2. Marvell technology

Generative AI is a subset of the AI ​​market that fuels the development of new software and generates substantial growth for data centers and cloud service providers. These AI applications can create images and videos from simple text instructions, which requires tremendous computing power and massive amounts of data.

Marvell technology (MRVL 3.19%) is well positioned to benefit. The company provides chips and software that help components transmit data faster. Its products are used in a variety of markets, including self-driving cars, data centers and consumer electronics.

Roth MKM analyst Suji Desilva likes Marvell’s opportunity in custom AI chips.

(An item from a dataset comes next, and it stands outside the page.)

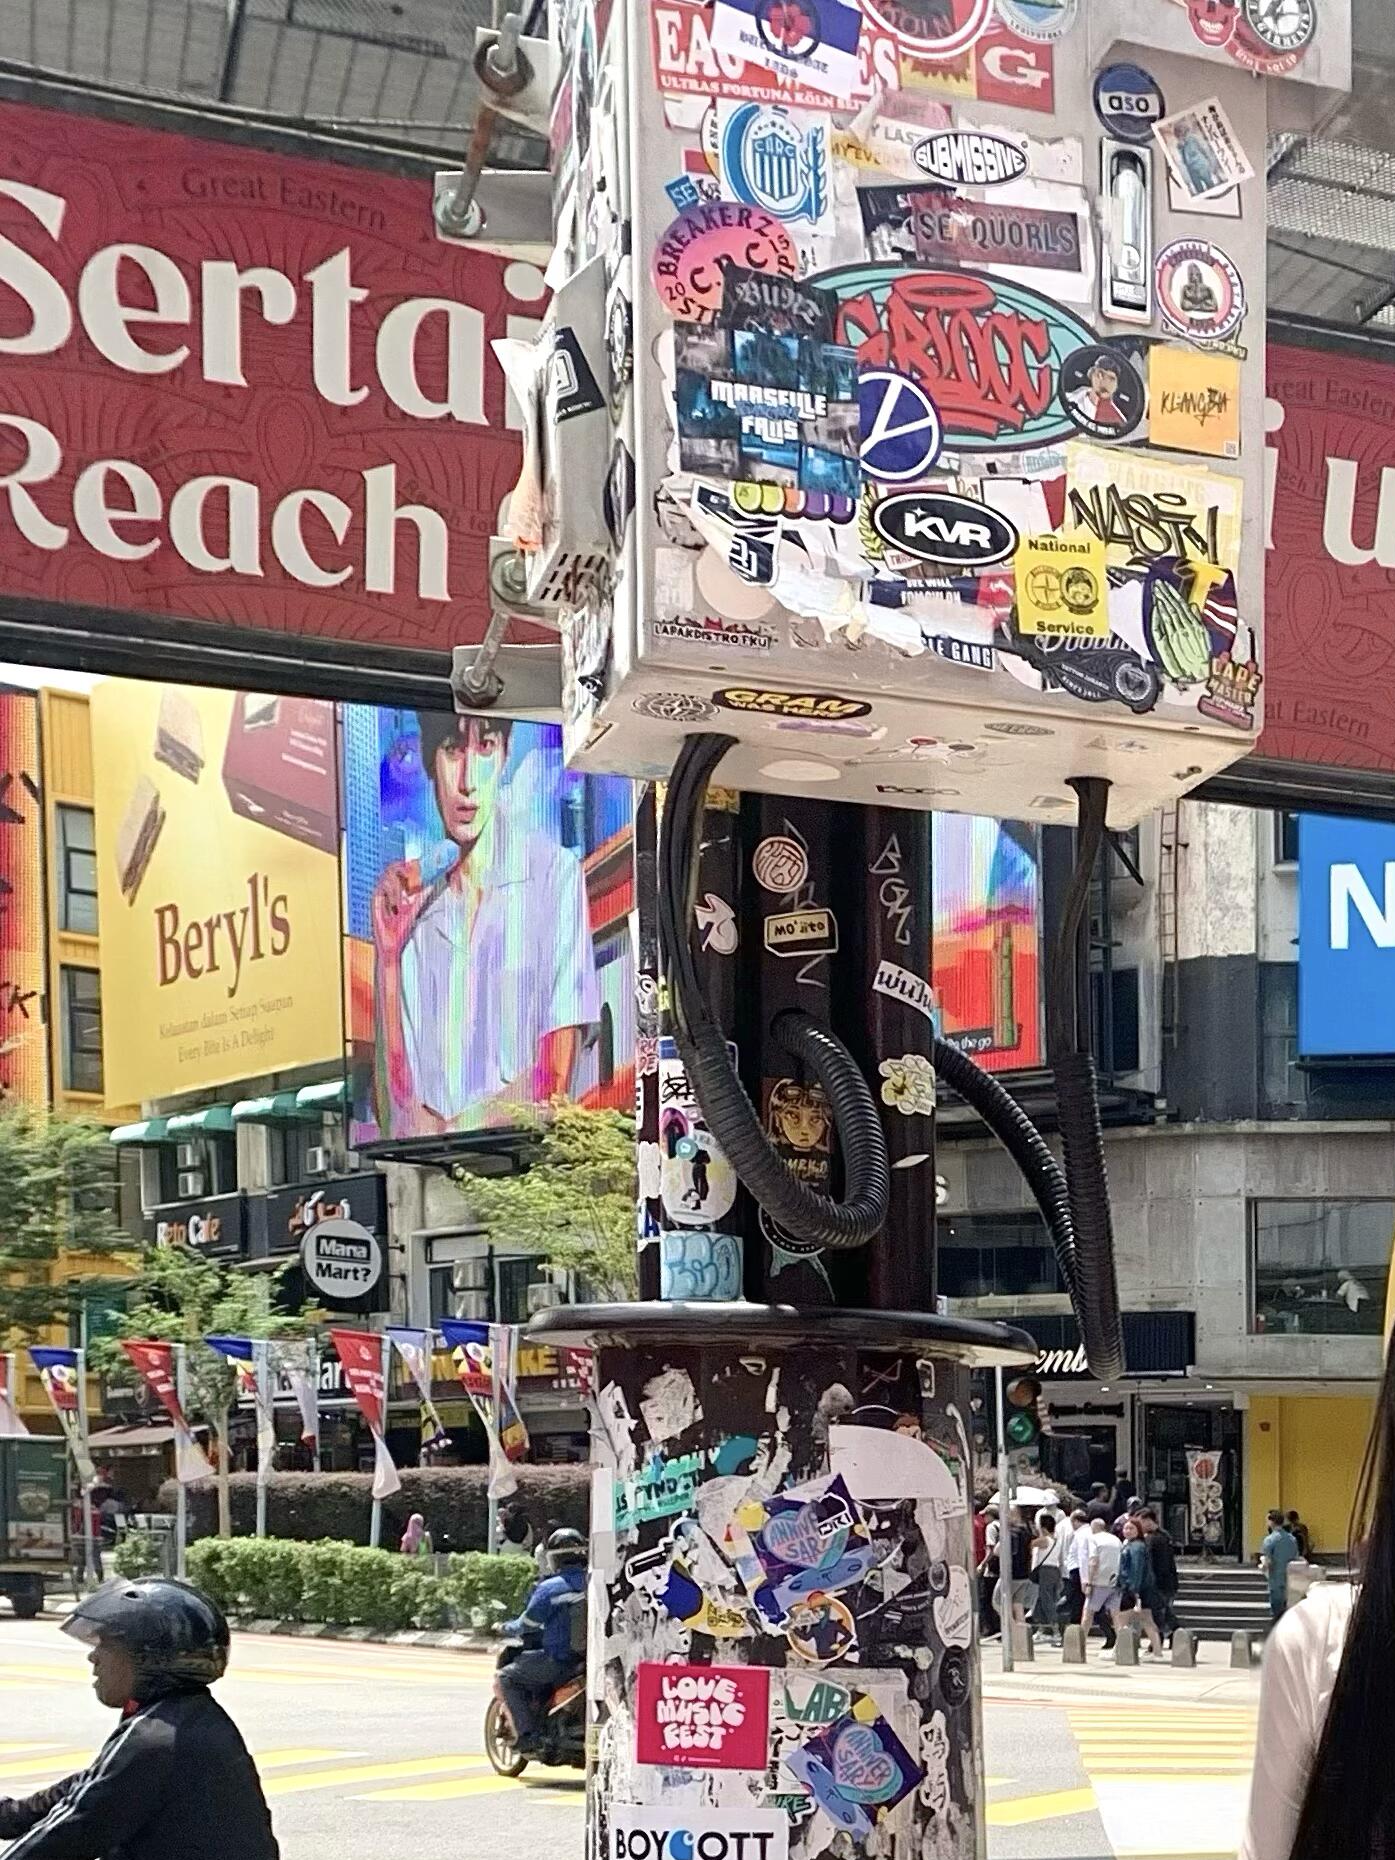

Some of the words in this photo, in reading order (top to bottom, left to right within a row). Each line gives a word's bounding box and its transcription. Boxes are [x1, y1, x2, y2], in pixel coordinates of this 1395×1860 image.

Last quarter, the company ramped up the first two chips as part of its custom AI silicon program. Data center revenue grew 92% year-over-year, and management forecasts that this will accelerate in the third quarter, with a larger contribution coming from custom AI silicon.

The analyst sees many opportunities for Marvell to participate in the growing development of AI infrastructure. Indeed, the infrastructure for AI data centers is completely different from standard cloud infrastructure. These new data centers need thousands of AI accelerators or GPUs, and these GPUs require much more robust network systems to send data back and forth for the AI ​​to work. This is fueling demand for Marvell’s flagship electro-optical products.

However, Marvell still reported a 5% year-over-year revenue decline last quarter. This is due to weak sales in non-AI businesses such as enterprise and carrier networks, but a recovery here will become another growth catalyst. These businesses are already showing solid sales performance, and management expects its enterprise and carrier networking businesses to post sequential growth in the third quarter.

The consensus on Wall Street has Marvell’s earnings up slightly for the full year. Looking ahead to next year, revenue is expected to grow by 35%. Once Marvell is firing on all cylinders, the stock could rise, so now is a great time to buy the stock.

John Ballard has positions in Nvidia. The Motley Fool has positions in and recommends Nvidia. The Motley Fool recommends Marvell Technology. The Motley Fool has a disclosure policy.